Bismarck, Wooly Mammoth

Some travelers find intrigue in getting off the main drag and searching for the unique travel sight. I should know. I’m one of those people.

Lemmon, South Dakota sits directly on the border of North Dakota. Drive north on Main Avenue and suddenly you’re in North Lemmon, which is in North Dakota. It is neither populous (about 1,400 residents) nor terribly close to anything else (it’s about 90 miles northeast to Bismarck or northwest to Dickinson, both on Interstate 94).

But back in the 1930s, on the heels of the great stock market crash – keeping in mind that finding local people work was a noble undertaking – Lemmon also became host to a curiosity that remains to this day, filling a city block facing Main Street at 6th.

Ole S. Quammen, an amateur geologist, put some 40 to 50 men to work gathering samples of petrified wood for miles around.

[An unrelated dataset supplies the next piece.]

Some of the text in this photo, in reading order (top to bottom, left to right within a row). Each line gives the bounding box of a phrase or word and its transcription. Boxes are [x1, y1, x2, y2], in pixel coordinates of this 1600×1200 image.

From 1930 to 1932, those samples and other artifacts, including dinosaur bones and other fossilized animals, came together in a park setting that defies simple description. In 1954, Quammen’s descendants gave the park to the city.

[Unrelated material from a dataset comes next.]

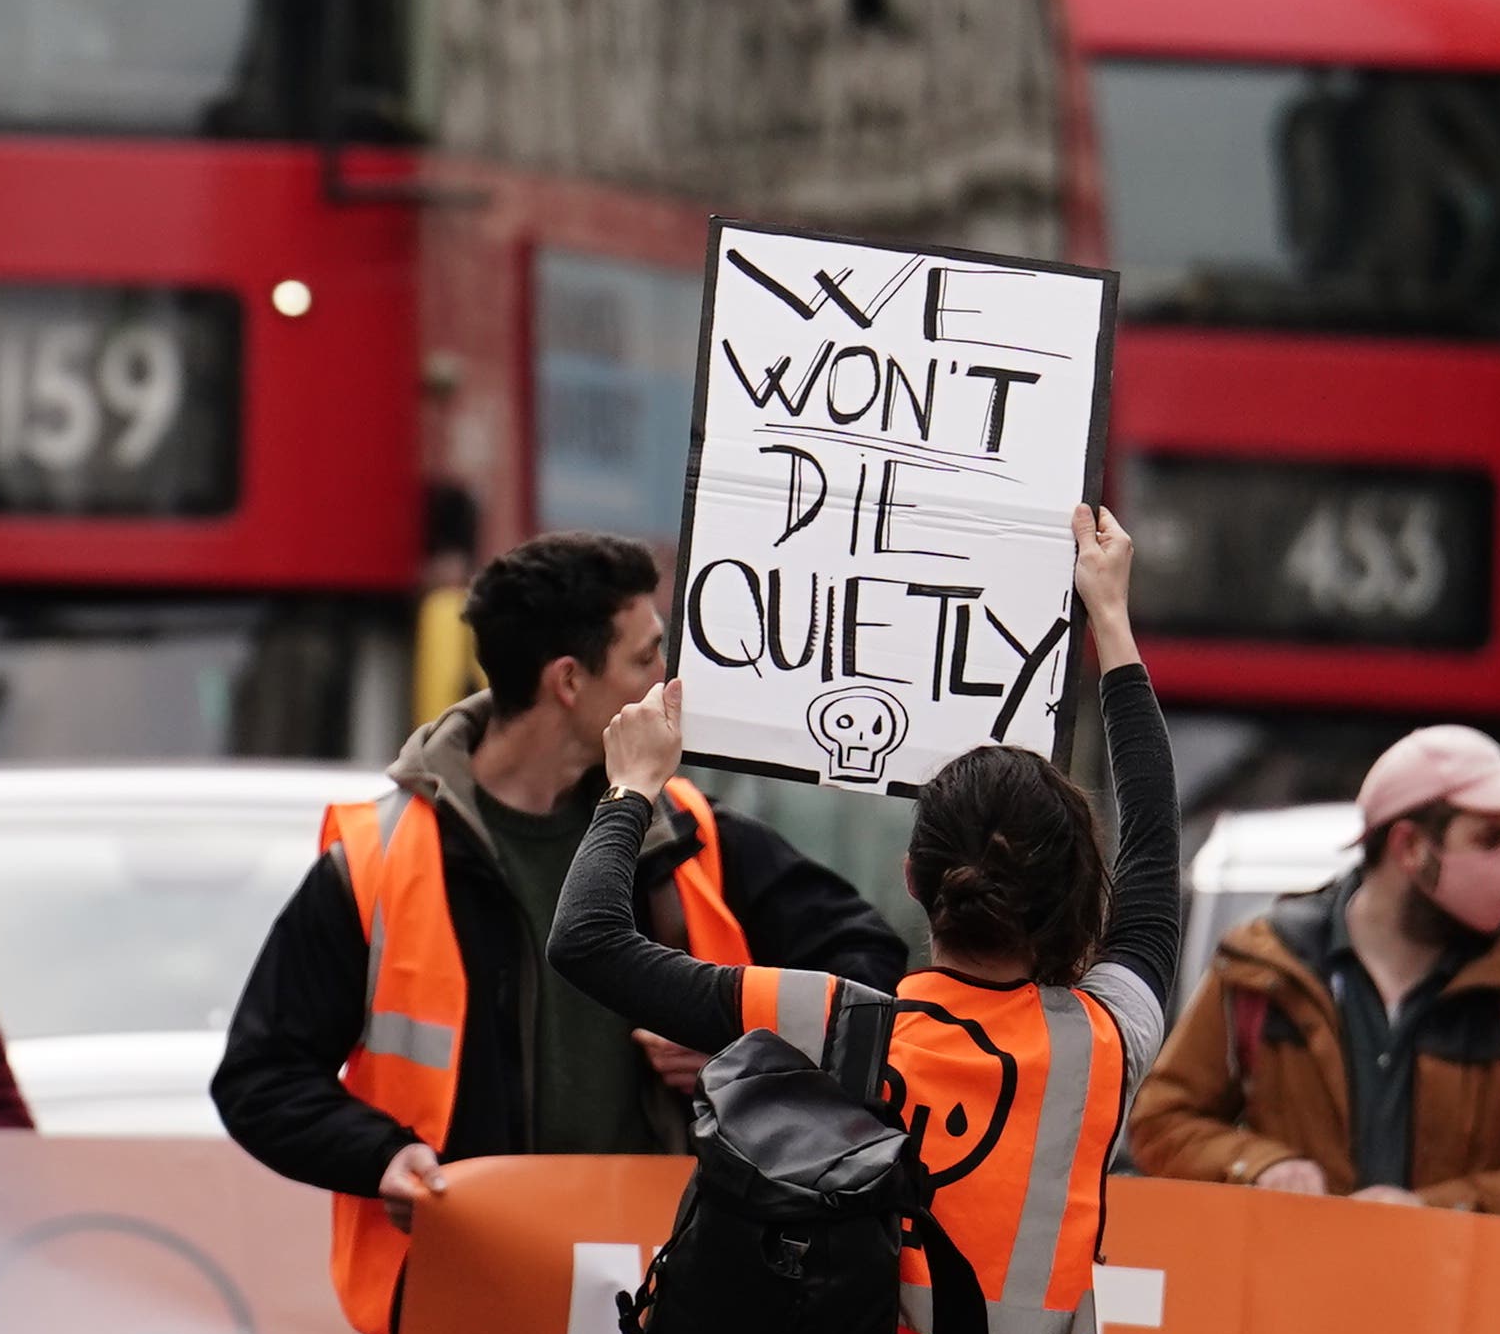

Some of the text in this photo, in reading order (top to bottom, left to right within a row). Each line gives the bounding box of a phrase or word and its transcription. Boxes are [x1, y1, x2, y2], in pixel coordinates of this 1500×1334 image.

[727, 253, 1073, 360] WE
[721, 339, 1042, 452] WON'T
[760, 444, 970, 560] DIE

The property today includes two major buildings built in petrified wood and stone. One houses the park’s gift shop and mini-museum, and the second has a much more extensive set of displays covering local history. To say that the exhibits here are “eclectic” might be understating the case.

But it is the exotic design and form of the “world’s largest petrified wood park” adjacent to these two buildings that more immediately draw the eye.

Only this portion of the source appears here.